• [Source data]:
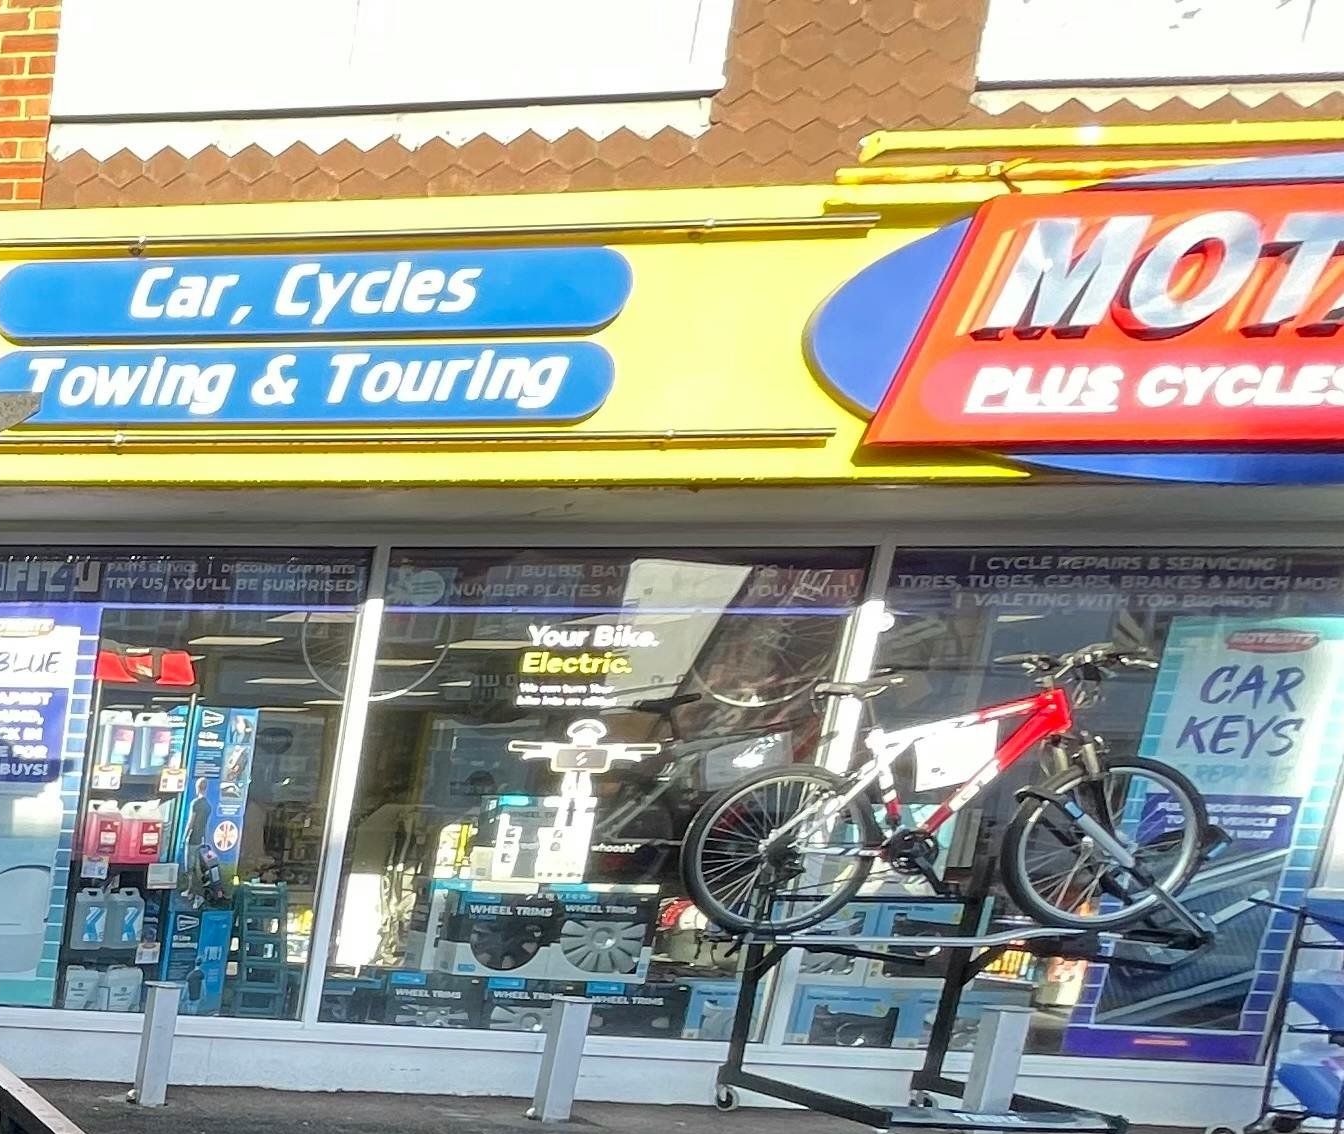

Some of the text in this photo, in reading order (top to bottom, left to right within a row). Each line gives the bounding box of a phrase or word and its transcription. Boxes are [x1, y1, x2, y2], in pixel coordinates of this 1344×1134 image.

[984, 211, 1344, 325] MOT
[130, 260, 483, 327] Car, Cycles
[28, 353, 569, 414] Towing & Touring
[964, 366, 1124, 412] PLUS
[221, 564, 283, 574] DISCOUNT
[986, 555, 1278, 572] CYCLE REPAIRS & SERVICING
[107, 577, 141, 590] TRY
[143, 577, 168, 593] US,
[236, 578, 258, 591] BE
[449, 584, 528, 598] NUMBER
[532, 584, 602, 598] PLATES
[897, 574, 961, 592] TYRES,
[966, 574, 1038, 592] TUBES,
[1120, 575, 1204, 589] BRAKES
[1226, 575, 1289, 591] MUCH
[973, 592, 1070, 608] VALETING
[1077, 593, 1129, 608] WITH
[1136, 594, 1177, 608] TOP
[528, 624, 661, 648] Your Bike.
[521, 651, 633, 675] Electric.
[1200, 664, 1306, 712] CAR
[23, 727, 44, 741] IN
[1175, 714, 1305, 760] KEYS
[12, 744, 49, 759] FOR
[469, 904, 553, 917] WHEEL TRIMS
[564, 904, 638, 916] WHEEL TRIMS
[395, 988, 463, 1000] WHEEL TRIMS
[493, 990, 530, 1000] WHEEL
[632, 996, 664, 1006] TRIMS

• [Your instructions]: Print every record above exactly, but no pictures.

• [Output for this task]:
Some of the text in this photo, in reading order (top to bottom, left to right within a row). Each line gives the bounding box of a phrase or word and its transcription. Boxes are [x1, y1, x2, y2], in pixel coordinates of this 1344×1134 image.

[984, 211, 1344, 325] MOT
[130, 260, 483, 327] Car, Cycles
[28, 353, 569, 414] Towing & Touring
[964, 366, 1124, 412] PLUS
[221, 564, 283, 574] DISCOUNT
[986, 555, 1278, 572] CYCLE REPAIRS & SERVICING
[107, 577, 141, 590] TRY
[143, 577, 168, 593] US,
[236, 578, 258, 591] BE
[449, 584, 528, 598] NUMBER
[532, 584, 602, 598] PLATES
[897, 574, 961, 592] TYRES,
[966, 574, 1038, 592] TUBES,
[1120, 575, 1204, 589] BRAKES
[1226, 575, 1289, 591] MUCH
[973, 592, 1070, 608] VALETING
[1077, 593, 1129, 608] WITH
[1136, 594, 1177, 608] TOP
[528, 624, 661, 648] Your Bike.
[521, 651, 633, 675] Electric.
[1200, 664, 1306, 712] CAR
[23, 727, 44, 741] IN
[1175, 714, 1305, 760] KEYS
[12, 744, 49, 759] FOR
[469, 904, 553, 917] WHEEL TRIMS
[564, 904, 638, 916] WHEEL TRIMS
[395, 988, 463, 1000] WHEEL TRIMS
[493, 990, 530, 1000] WHEEL
[632, 996, 664, 1006] TRIMS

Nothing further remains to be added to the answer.